▶ _What to work on_
An exact transcription of the entries is required, with no images included.

▶ _Information provided_
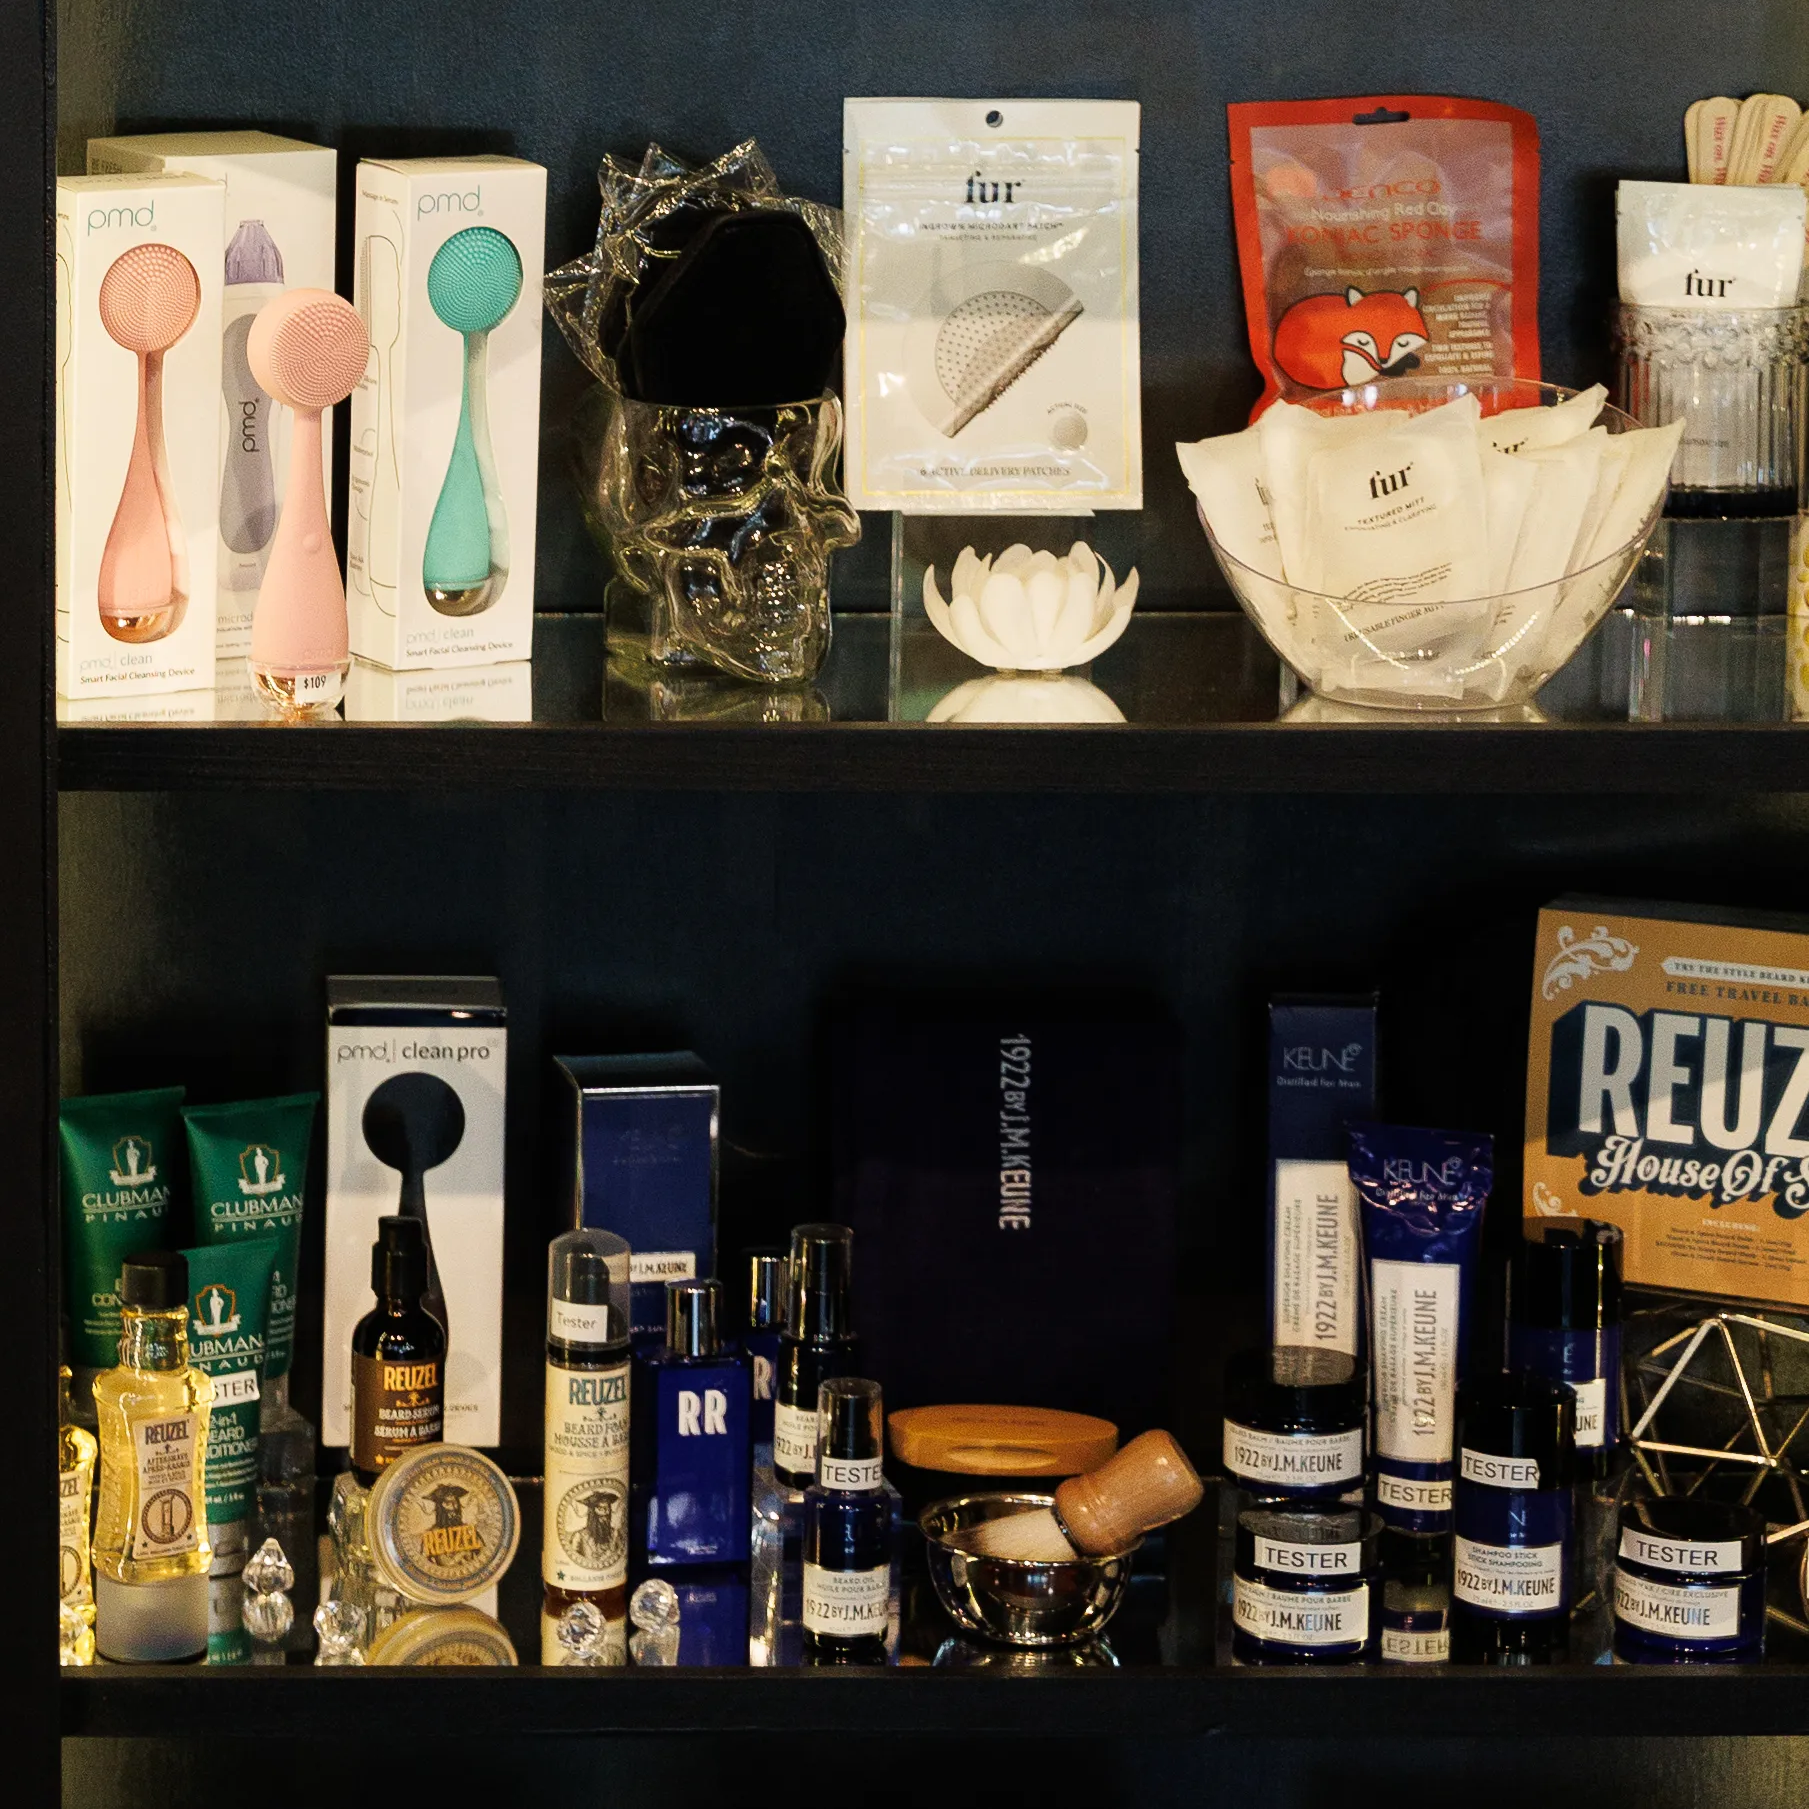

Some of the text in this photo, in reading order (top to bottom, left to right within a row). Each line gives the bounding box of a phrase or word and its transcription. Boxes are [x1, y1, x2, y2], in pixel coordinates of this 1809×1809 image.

[964, 170, 1022, 204] fur
[417, 184, 482, 221] pmd
[1311, 206, 1391, 222] Nourishing
[1395, 202, 1424, 216] Red
[87, 199, 154, 237] pmd
[1389, 220, 1482, 241] SPONGE
[1685, 269, 1734, 299] fur
[241, 401, 258, 453] pmd
[970, 466, 1020, 477] DELIVERY
[1369, 464, 1412, 500] fur
[443, 627, 474, 639] clean
[120, 653, 153, 667] clean
[406, 647, 429, 658] Smart
[80, 667, 195, 685] Smart Facial Cleansing Device
[303, 675, 327, 690] $109
[1698, 963, 1719, 974] THE
[1722, 966, 1756, 980] STYLE
[1759, 969, 1796, 983] BEARD
[1666, 980, 1782, 1005] FREE TRAVEL
[402, 1040, 454, 1060] clean
[457, 1045, 490, 1062] pro
[1283, 1045, 1357, 1073] KEUNE
[999, 1033, 1032, 1230] 1922 BY J.M.KEUNE
[1384, 1157, 1458, 1185] KEUNE
[1591, 1135, 1721, 1191] House
[210, 1192, 304, 1217] CLUBMAN
[1315, 1194, 1339, 1341] 1922 BY J.M.KEUNE
[556, 1311, 597, 1330] Tester
[191, 1334, 265, 1357] UBMAN
[1414, 1289, 1438, 1380] J.M.KEUNE
[214, 1378, 257, 1399] STER
[384, 1362, 437, 1391] REUZEL
[1417, 1380, 1432, 1395] BY
[569, 1373, 628, 1406] REUZEL
[379, 1408, 409, 1420] BEARD
[678, 1389, 728, 1436] RR
[145, 1421, 190, 1445] REUZEL
[564, 1421, 603, 1434] BEARD
[1234, 1446, 1343, 1472] 1922 BY J.M.KEUNE
[1464, 1455, 1539, 1481] TESTER
[1380, 1482, 1452, 1504] TESTER
[422, 1523, 483, 1557] REUZEL
[1265, 1547, 1348, 1569] TESTER
[1468, 1555, 1491, 1567] STICK
[1471, 1546, 1538, 1560] SHAMPOO STICK
[1637, 1539, 1719, 1567] TESTER
[1457, 1569, 1555, 1597] 1922 BY J.M.KEUNE
[1238, 1597, 1342, 1632] 1922 J.M.KEUNE
[1640, 1599, 1711, 1627] J.M.KEUNE
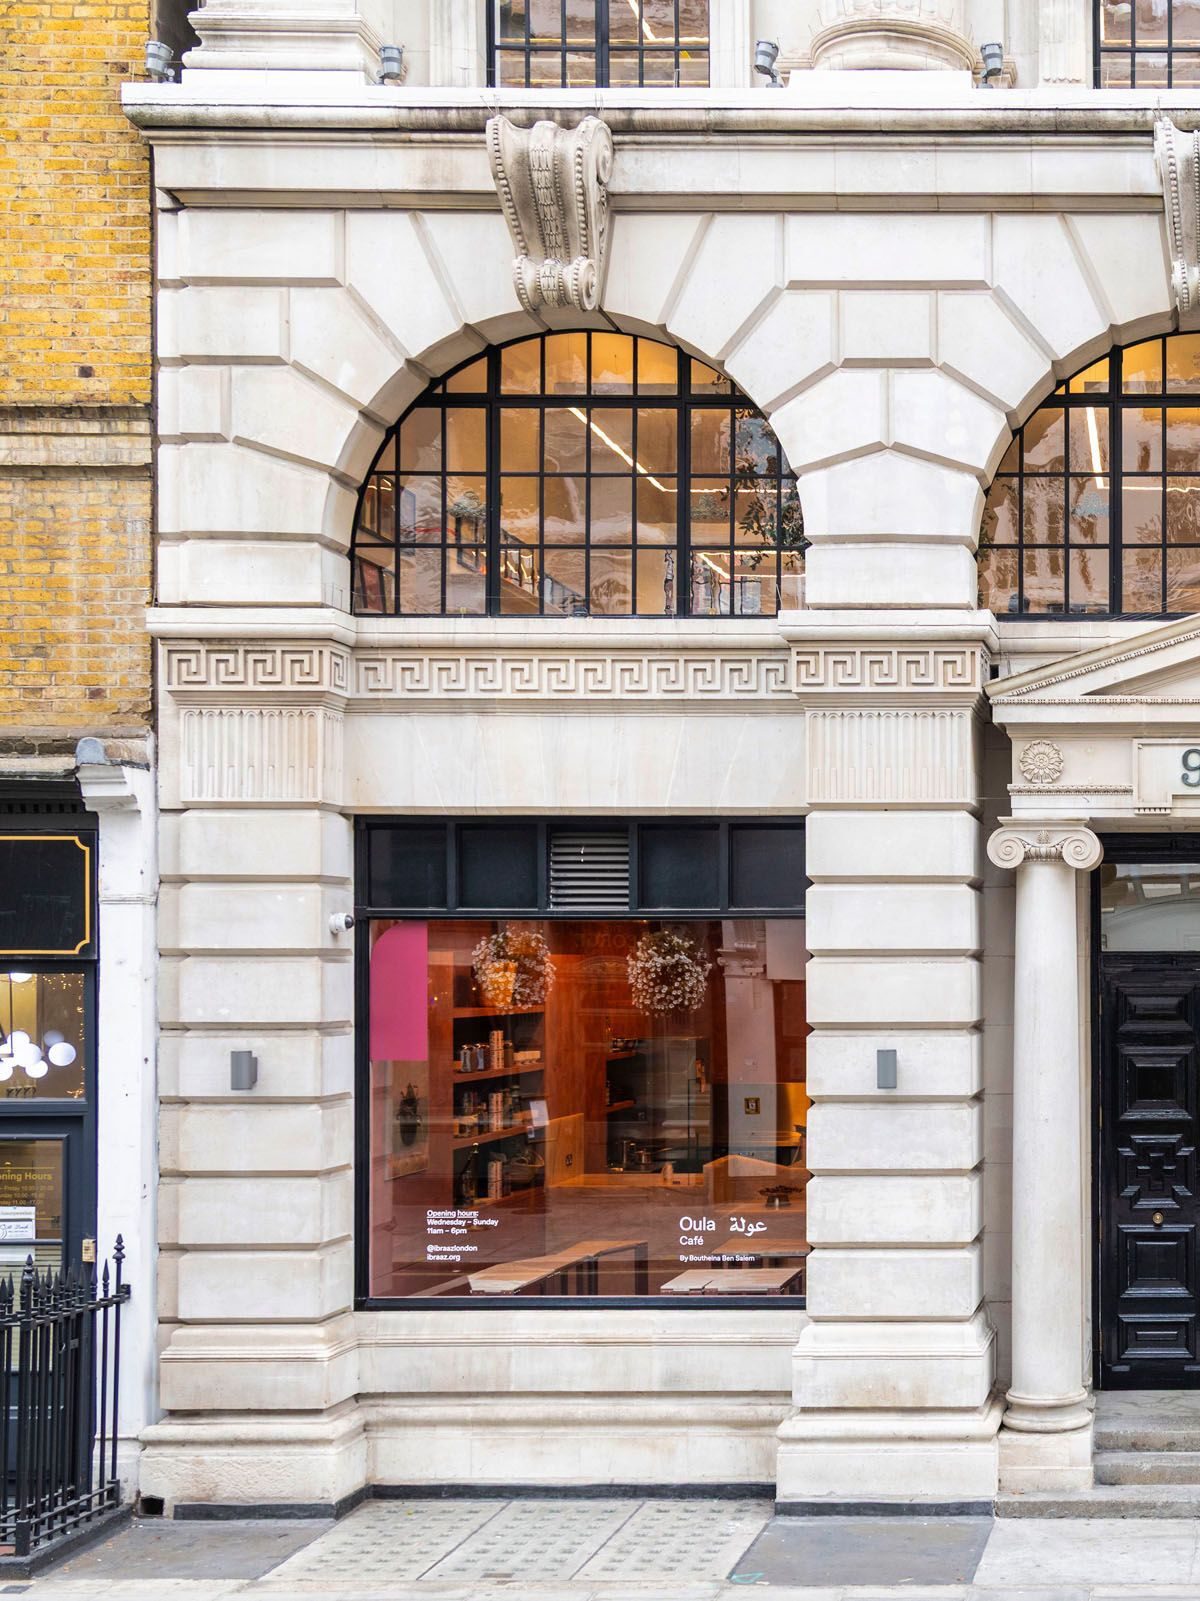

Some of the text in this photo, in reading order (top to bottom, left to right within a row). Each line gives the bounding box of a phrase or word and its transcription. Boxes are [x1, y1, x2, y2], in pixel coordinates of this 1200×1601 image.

[25, 1172, 53, 1180] Hours
[427, 1210, 456, 1218] Opening
[427, 1219, 466, 1227] Wednesday
[679, 1216, 716, 1231] Oula
[729, 1216, 768, 1237] عولة
[450, 1227, 467, 1235] 6pm
[679, 1235, 704, 1245] Café
[427, 1253, 461, 1261] ibraaz.org
[722, 1254, 735, 1262] Ben
[735, 1254, 756, 1262] Salem
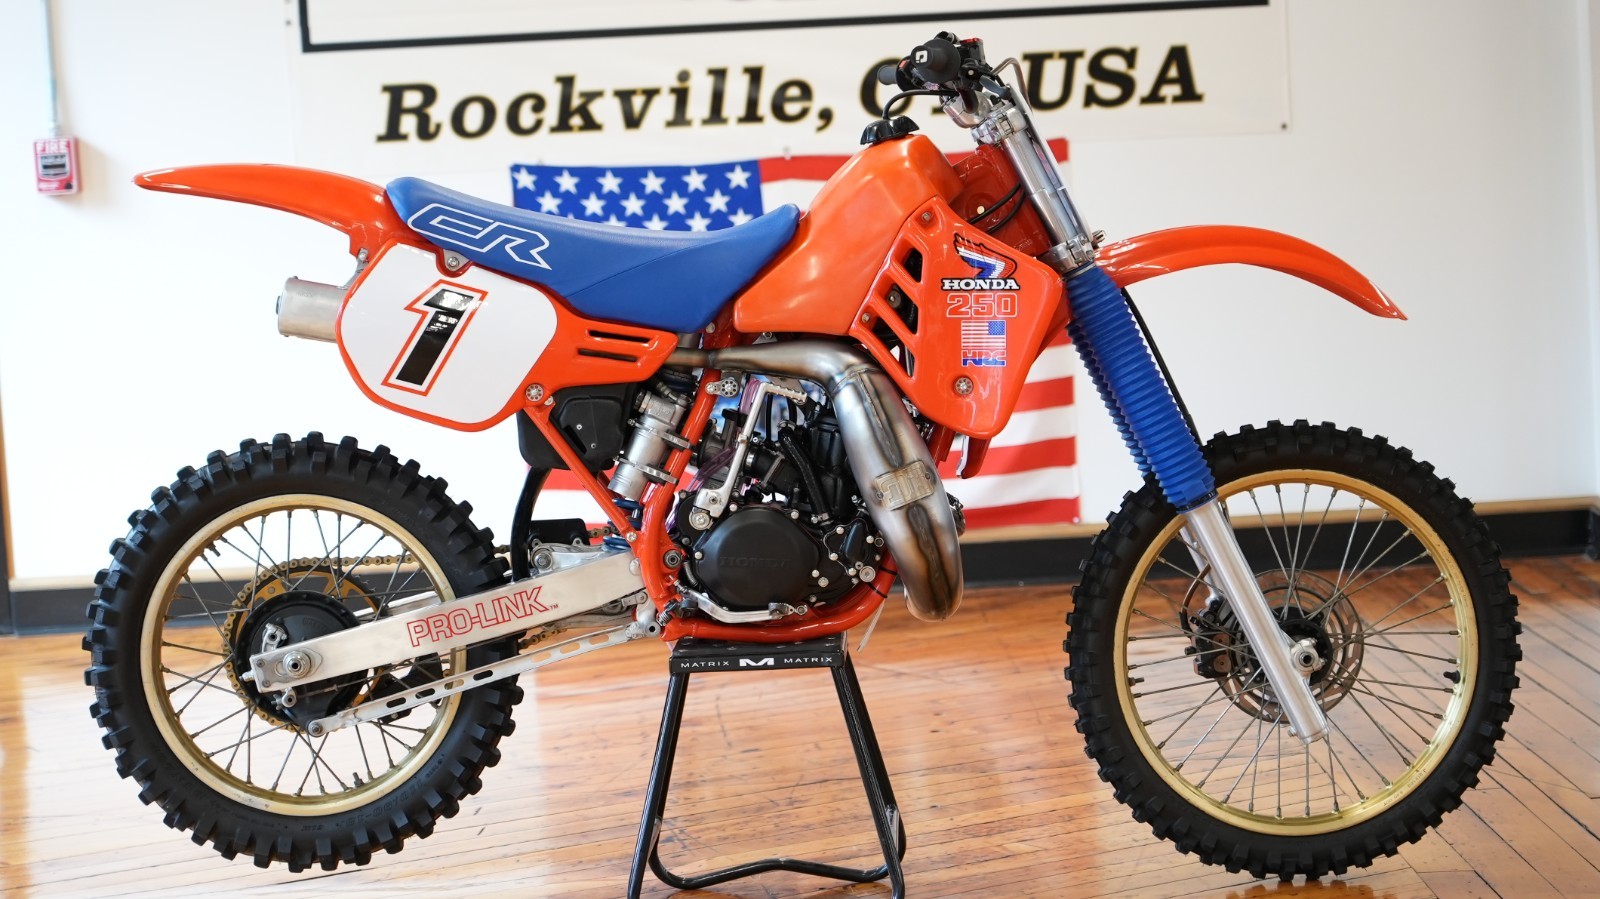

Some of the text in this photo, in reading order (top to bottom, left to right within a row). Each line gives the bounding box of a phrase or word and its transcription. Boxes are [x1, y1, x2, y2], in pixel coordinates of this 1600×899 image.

▶ _Final answer_
Some of the text in this photo, in reading order (top to bottom, left to right within a row). Each line gives the bounding box of a phrase or word and its transcription. Boxes are [x1, y1, x2, y2], in pixel coordinates of this 1809×1809 image.

[964, 170, 1022, 204] fur
[417, 184, 482, 221] pmd
[1311, 206, 1391, 222] Nourishing
[1395, 202, 1424, 216] Red
[87, 199, 154, 237] pmd
[1389, 220, 1482, 241] SPONGE
[1685, 269, 1734, 299] fur
[241, 401, 258, 453] pmd
[970, 466, 1020, 477] DELIVERY
[1369, 464, 1412, 500] fur
[443, 627, 474, 639] clean
[120, 653, 153, 667] clean
[406, 647, 429, 658] Smart
[80, 667, 195, 685] Smart Facial Cleansing Device
[303, 675, 327, 690] $109
[1698, 963, 1719, 974] THE
[1722, 966, 1756, 980] STYLE
[1759, 969, 1796, 983] BEARD
[1666, 980, 1782, 1005] FREE TRAVEL
[402, 1040, 454, 1060] clean
[457, 1045, 490, 1062] pro
[1283, 1045, 1357, 1073] KEUNE
[999, 1033, 1032, 1230] 1922 BY J.M.KEUNE
[1384, 1157, 1458, 1185] KEUNE
[1591, 1135, 1721, 1191] House
[210, 1192, 304, 1217] CLUBMAN
[1315, 1194, 1339, 1341] 1922 BY J.M.KEUNE
[556, 1311, 597, 1330] Tester
[191, 1334, 265, 1357] UBMAN
[1414, 1289, 1438, 1380] J.M.KEUNE
[214, 1378, 257, 1399] STER
[384, 1362, 437, 1391] REUZEL
[1417, 1380, 1432, 1395] BY
[569, 1373, 628, 1406] REUZEL
[379, 1408, 409, 1420] BEARD
[678, 1389, 728, 1436] RR
[145, 1421, 190, 1445] REUZEL
[564, 1421, 603, 1434] BEARD
[1234, 1446, 1343, 1472] 1922 BY J.M.KEUNE
[1464, 1455, 1539, 1481] TESTER
[1380, 1482, 1452, 1504] TESTER
[422, 1523, 483, 1557] REUZEL
[1265, 1547, 1348, 1569] TESTER
[1468, 1555, 1491, 1567] STICK
[1471, 1546, 1538, 1560] SHAMPOO STICK
[1637, 1539, 1719, 1567] TESTER
[1457, 1569, 1555, 1597] 1922 BY J.M.KEUNE
[1238, 1597, 1342, 1632] 1922 J.M.KEUNE
[1640, 1599, 1711, 1627] J.M.KEUNE

Some of the text in this photo, in reading order (top to bottom, left to right within a row). Each line gives the bounding box of a phrase or word and its transcription. Boxes are [x1, y1, x2, y2], in pixel coordinates of this 1200×1601 image.

[25, 1172, 53, 1180] Hours
[427, 1210, 456, 1218] Opening
[427, 1219, 466, 1227] Wednesday
[679, 1216, 716, 1231] Oula
[729, 1216, 768, 1237] عولة
[450, 1227, 467, 1235] 6pm
[679, 1235, 704, 1245] Café
[427, 1253, 461, 1261] ibraaz.org
[722, 1254, 735, 1262] Ben
[735, 1254, 756, 1262] Salem

Some of the text in this photo, in reading order (top to bottom, left to right within a row). Each line gives the bounding box of a phrase or word and its transcription. Boxes are [x1, y1, x2, y2], in pixel coordinates of this 1600×899 image.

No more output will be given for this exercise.